Print the entries underneath word for word, omitting whatever pictures they contain.

Images for object localization
---*---
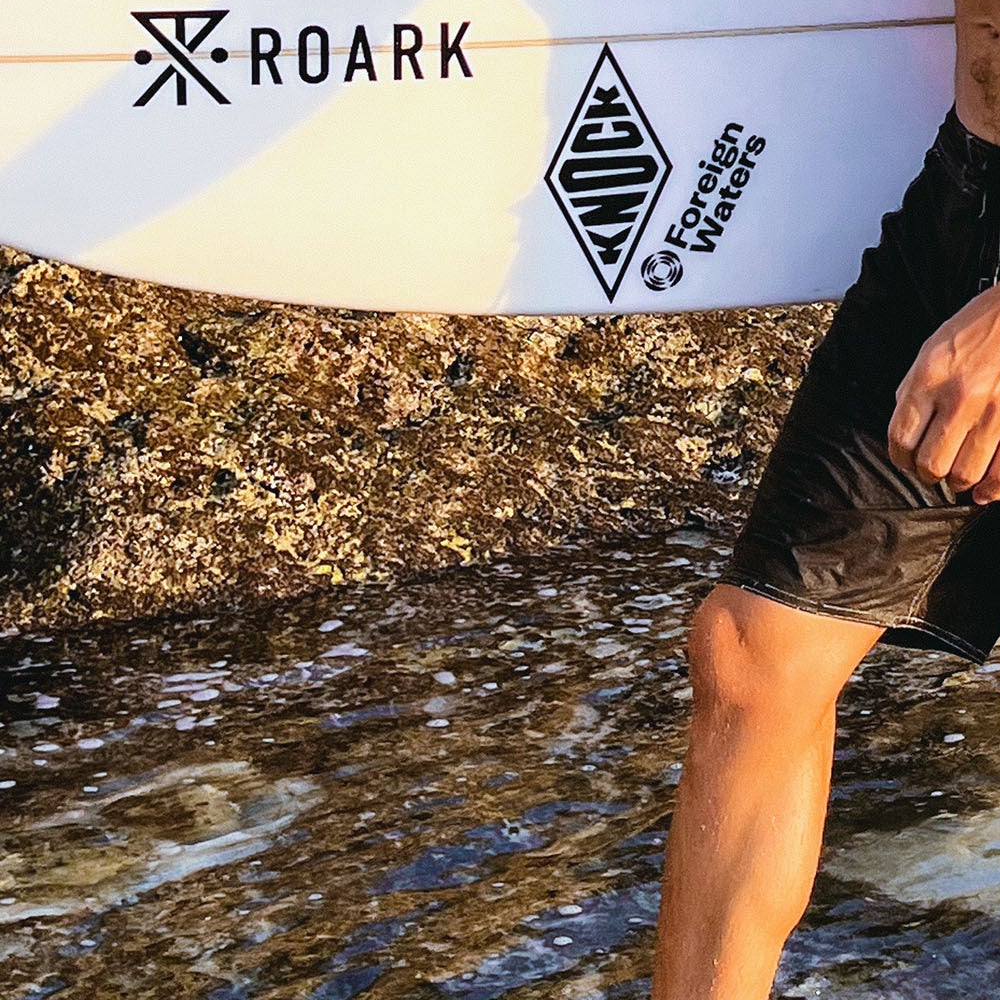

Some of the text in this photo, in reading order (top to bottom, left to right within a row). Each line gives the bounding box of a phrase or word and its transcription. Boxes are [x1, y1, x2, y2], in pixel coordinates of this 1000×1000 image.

[250, 22, 473, 86] ROARK
[558, 84, 659, 266] KNOCK
[664, 122, 745, 250] Foreign
[689, 134, 767, 253] Waters
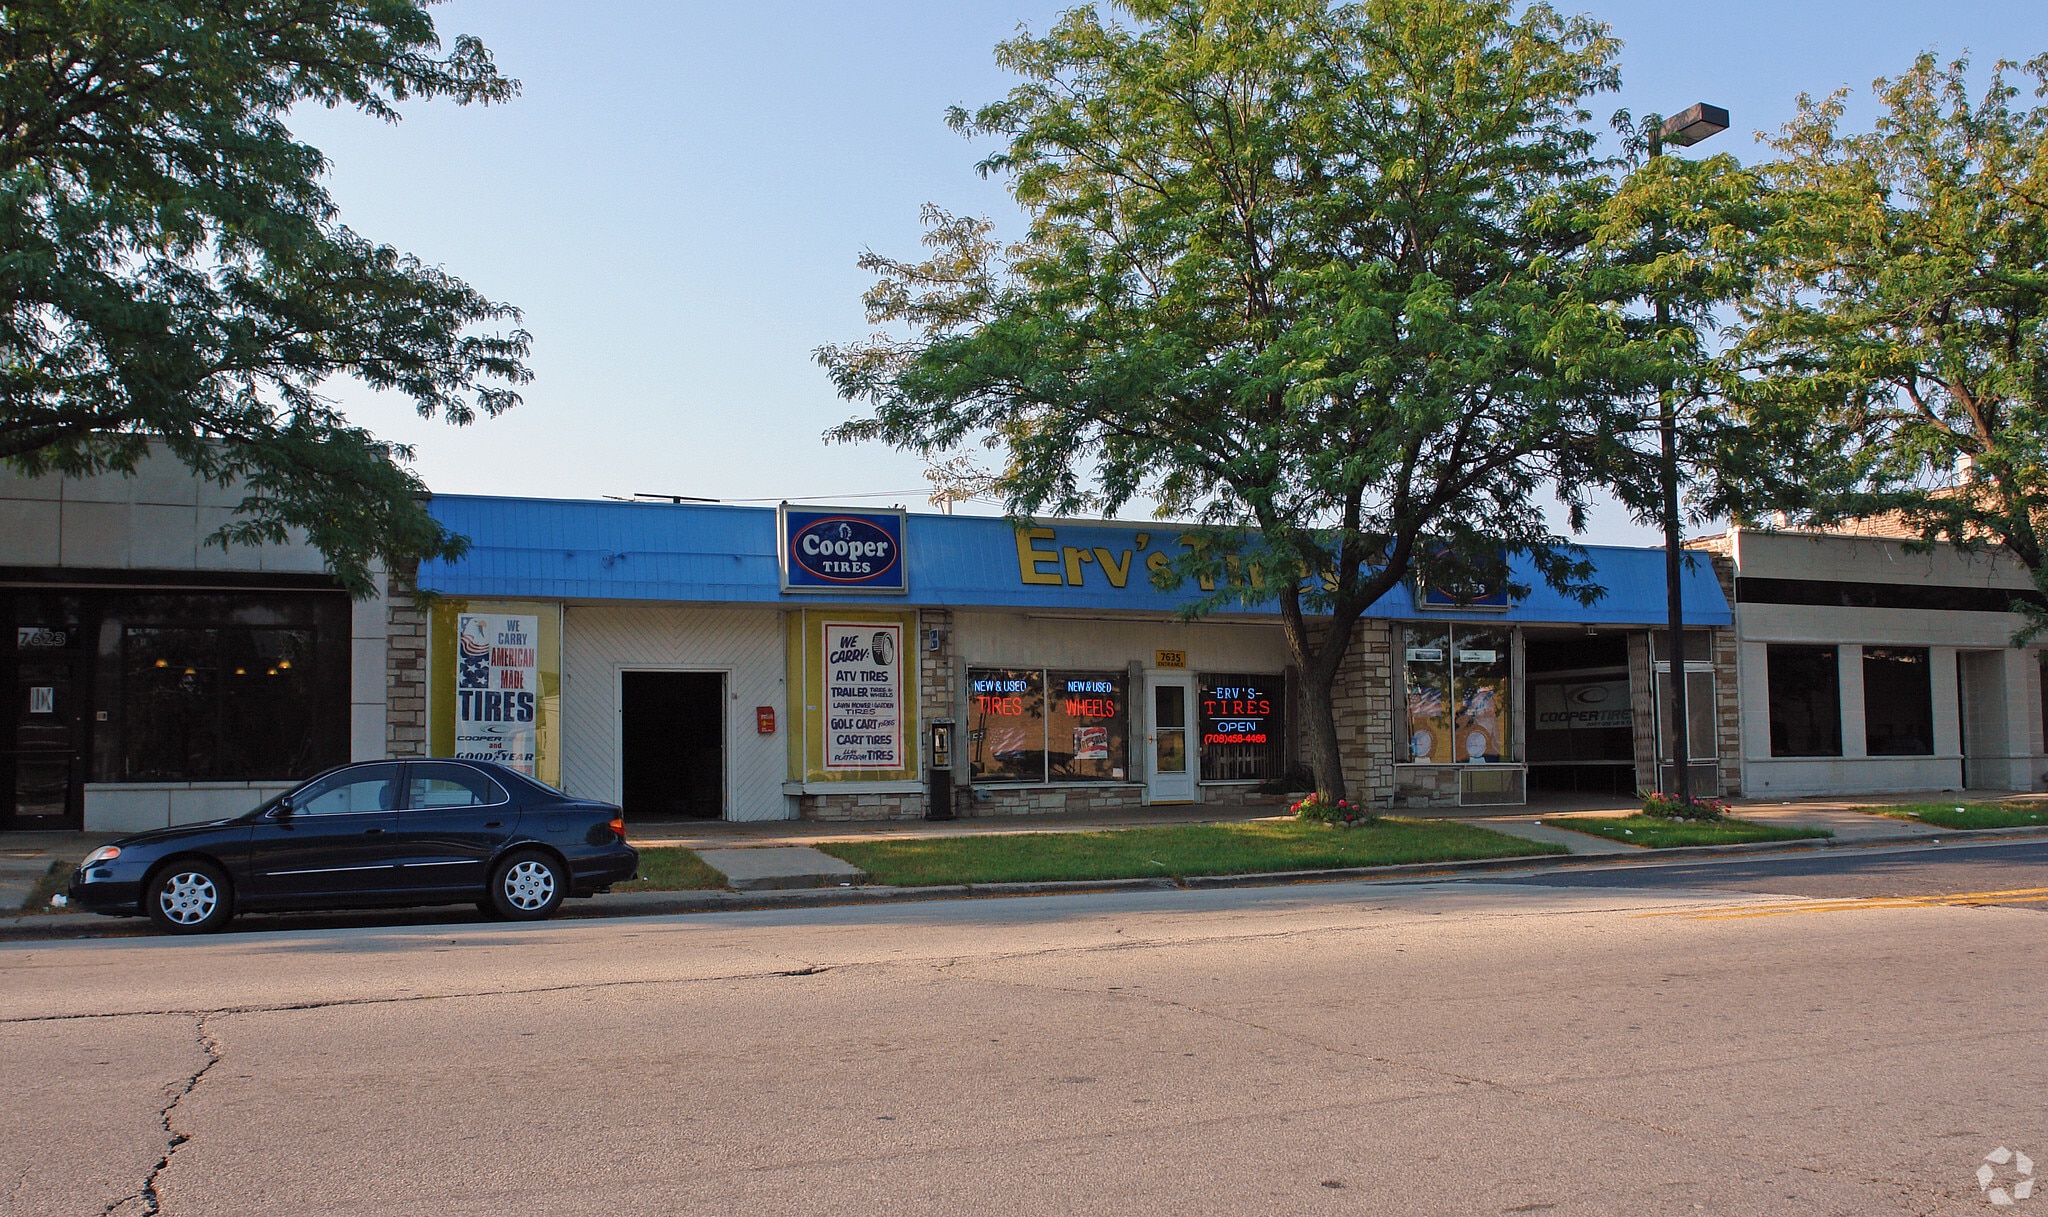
---*---
§ Response box:
Some of the text in this photo, in reading order (top to bottom, left to right within a row). Each line gives the bounding box of a phrase or word and its transcription. Boxes are [x1, y1, x2, y2], in pixel coordinates of this 1000×1000 image.

[250, 22, 473, 86] ROARK
[558, 84, 659, 266] KNOCK
[664, 122, 745, 250] Foreign
[689, 134, 767, 253] Waters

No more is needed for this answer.